Entre os dias 5 e 8 de março último ocorreu em Nottingham, na Inglaterra, o segundo Encontro sobre Bases Biomédicas da Performance de Elite (tradução livre), organizado pela Sociedade Fisiológica, uma das mais importantes entidades reunindo fisiologistas do esporte.
Ao longo dos quatro dias de evento, centenas de trabalhos foram expostos, em que pesquisadores novatos mostravam seus resultados mais recentes e veteranos ofereciam um apanhado dos principais marcos de suas carreiras. Estivemos por lá e revelamos aqui três trabalhos que mais nos chamaram a atenção.
Gordura versus carboidratos
Por que é interessante: A onda low-carb, pregando redução drástica de carboidratos na alimentação, ganhou muita força recentemente, e a discussão que começou no campo da saúde agora está migrando para os efeitos sobre a performance.
Achados recentes: O argumento pró low-carb é que, se reduzindo a ingesta de carboidratos, o organismo se acostuma a queimar mais gordura (este é um fato). Utilizando-se mais gorduras, se preserva os estoques de glicogênio (também real), que o organismo parece levar em conta ao criar nossa percepção de esforço (fato). Assim, uma dieta rica em gorduras poderia melhorar a performance, por reduzir a sensação de esforço via uma melhor manutenção do glicogênio.
No outro lado da moeda, argumenta-se que a queima de gordura é menos eficiente do que a de carboidratos (fato), e que por isso metabolicamente não faz sentido tentar maximizar o uso de gordura durante o exercício, quando o foco é performance.
Veredito: Com dois pesquisadores de peso discutindo o assunto, cada um vindo de um dos pontos de vista ilustrados acima, percebe-se que até o momento não existem provas concretas de que uma transição para dietas low-carb traga benefícios para a performance.
Esta foi a conclusão até mesmo do grupo que acredita que a dieta deveria funcionar. No entanto, defensores do low-carb também podem dizer que os mesmos estudos mostraram que a dieta low-carb pelo menos não piora a performance.
"Memória" muscular
Por que é interessante: Um achado comum, porém pouco explicado, é o de que indíduos treinados que passam por um período de destreino conseguem melhorar sua performance de forma muito mais rápida, num segundo protocolo de treino.

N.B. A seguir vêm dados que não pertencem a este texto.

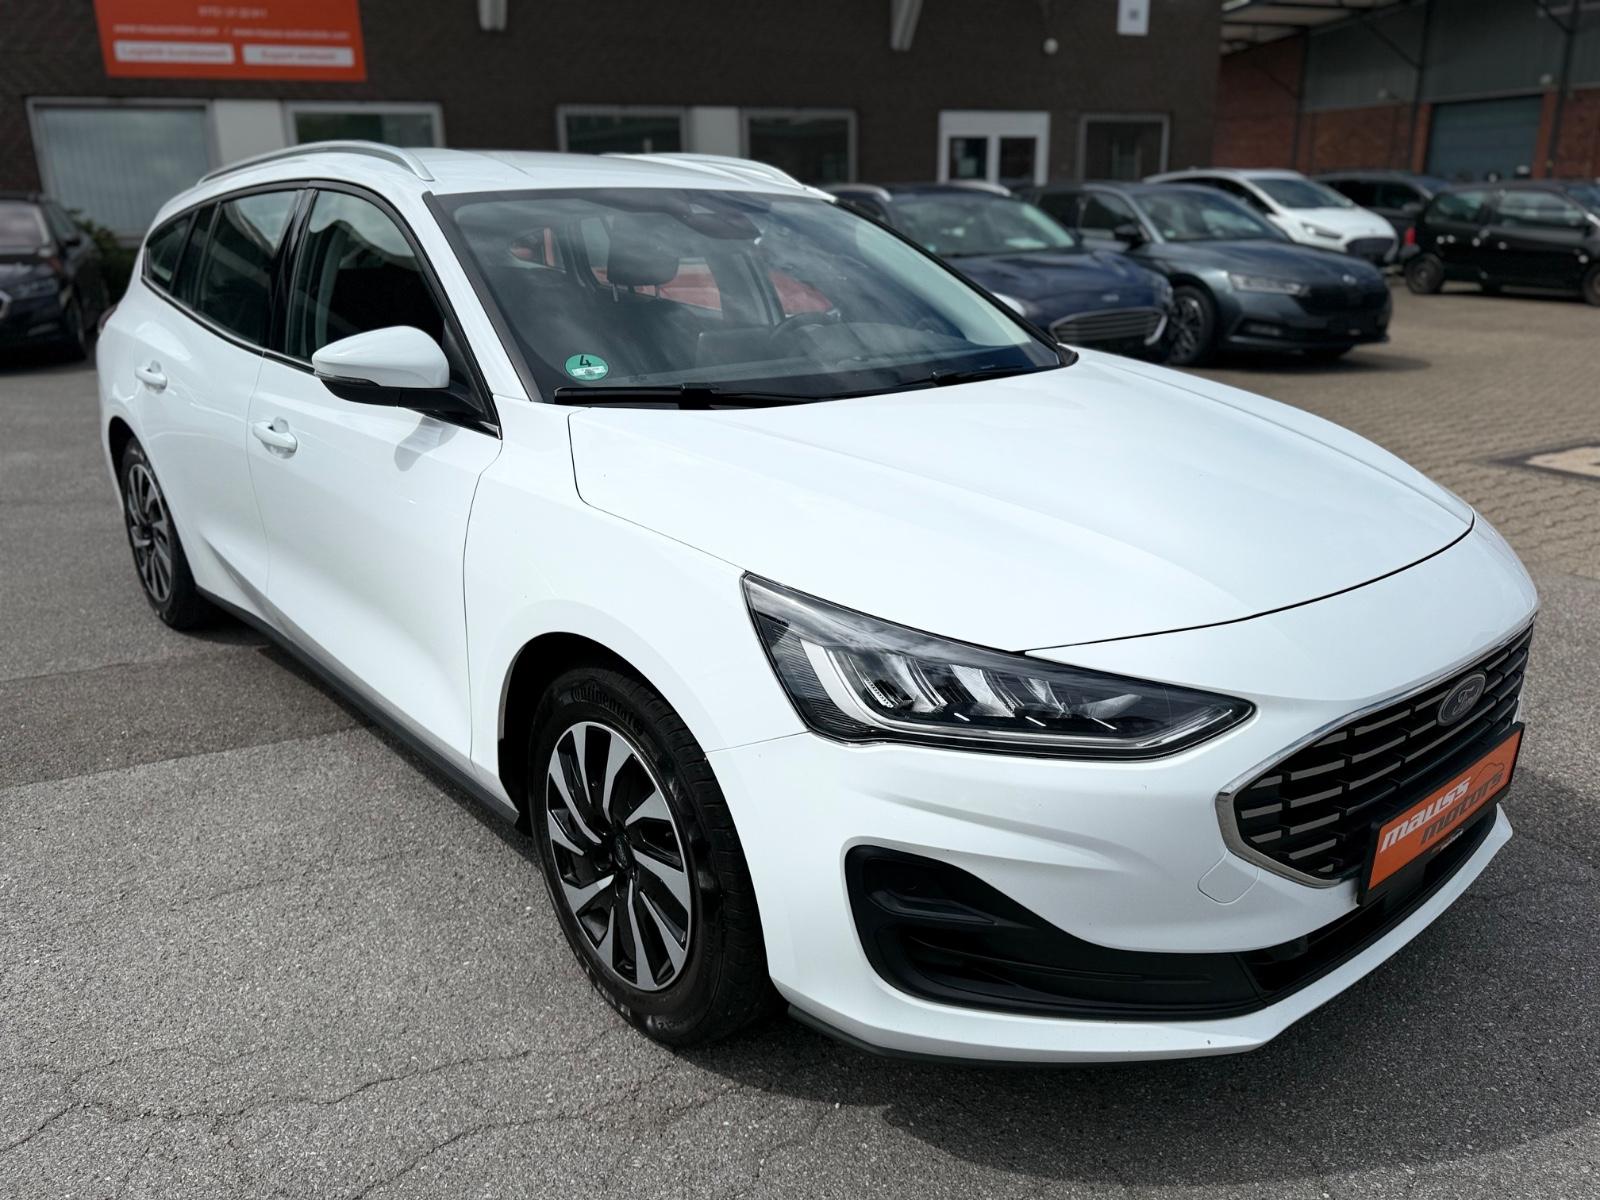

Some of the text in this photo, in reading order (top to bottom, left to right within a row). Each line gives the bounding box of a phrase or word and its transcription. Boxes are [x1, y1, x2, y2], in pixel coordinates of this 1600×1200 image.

[579, 354, 592, 367] 4
[1380, 776, 1471, 853] mauss
[1420, 772, 1503, 846] motors

Este fenômeno é conhecido como "memória muscular", e sugere que algo no músculo "guarda" as informações de resposta ao treinamento. Até pouco tempo atrás, se acreditava que tal memória ocorria em algum lugar do sistema nervoso, sendo simplesmente uma questão neural/coordenativa.
Achados recentes: Um grupo norueguês conseguiu demonstrar que quando células musculares se hipertrofiam (aumentam em tamanho), a sua quantidade de núcleos aumenta. As células voltam a encolher com um período de destreino, como seria esperado, porém os núcleos "extras" não são perdidos, e parecem ser chave da memória muscular.
Veredito: Tais achados podem parecer meio distantes para a prática da corrida, mas possuem implicações muito sérias. Imagine, por exemplo, o caso de atletas que utilizam doping por testosterona ou outros hormônios, que estimulem a hipertrofia no início de suas carreiras, quando ainda estão longe dos controles anti-doping. Pela meia vida de uma célula muscular, estes atletas se beneficiarão por anos de seu doping, sem que haja qualquer evidência!
Adaptação ao calor
Por que é interessante: Protocolos de adaptação ao calor são importantíssimos para o desempenho em ambientes quentes, porém, por sua própria natureza, são extremamente sofridos. É preciso se expor por longos períodos a um ambiente hostil, apesar da baixa intensidade de exercício, e qualquer alternativa que diminua um pouco o sacrifício é bem vinda.
Achados recentes: Uma nova linha de estudos propôs que a desidratação poderia ser aliada ao estresse térmico, como forma de aumentar a carga total das sessões de aclimatação, o que poderia acelerar o processo adaptativo (no estilo "sofrer mais para sofrer por menos tempo"). Os últimos estudos na área, contudo, mostram que privar os atletas de fluídos durante o processo de aclimatação não traz vantagens.
Veredito: Protocolos de aclimatação utilizam cerca de 90 minutos de exercício leve a moderado por 5-8 dias consecutivos em ambientes quentes e úmidos. Tais protocolos trazem grandes benefícios de performance, e o sofrimento extra de restringir o acesso a fluídos não traz vantagens adicionais. Portanto, esqueça seu colega de treino durão e tome seu gole d'água sempre que preciso.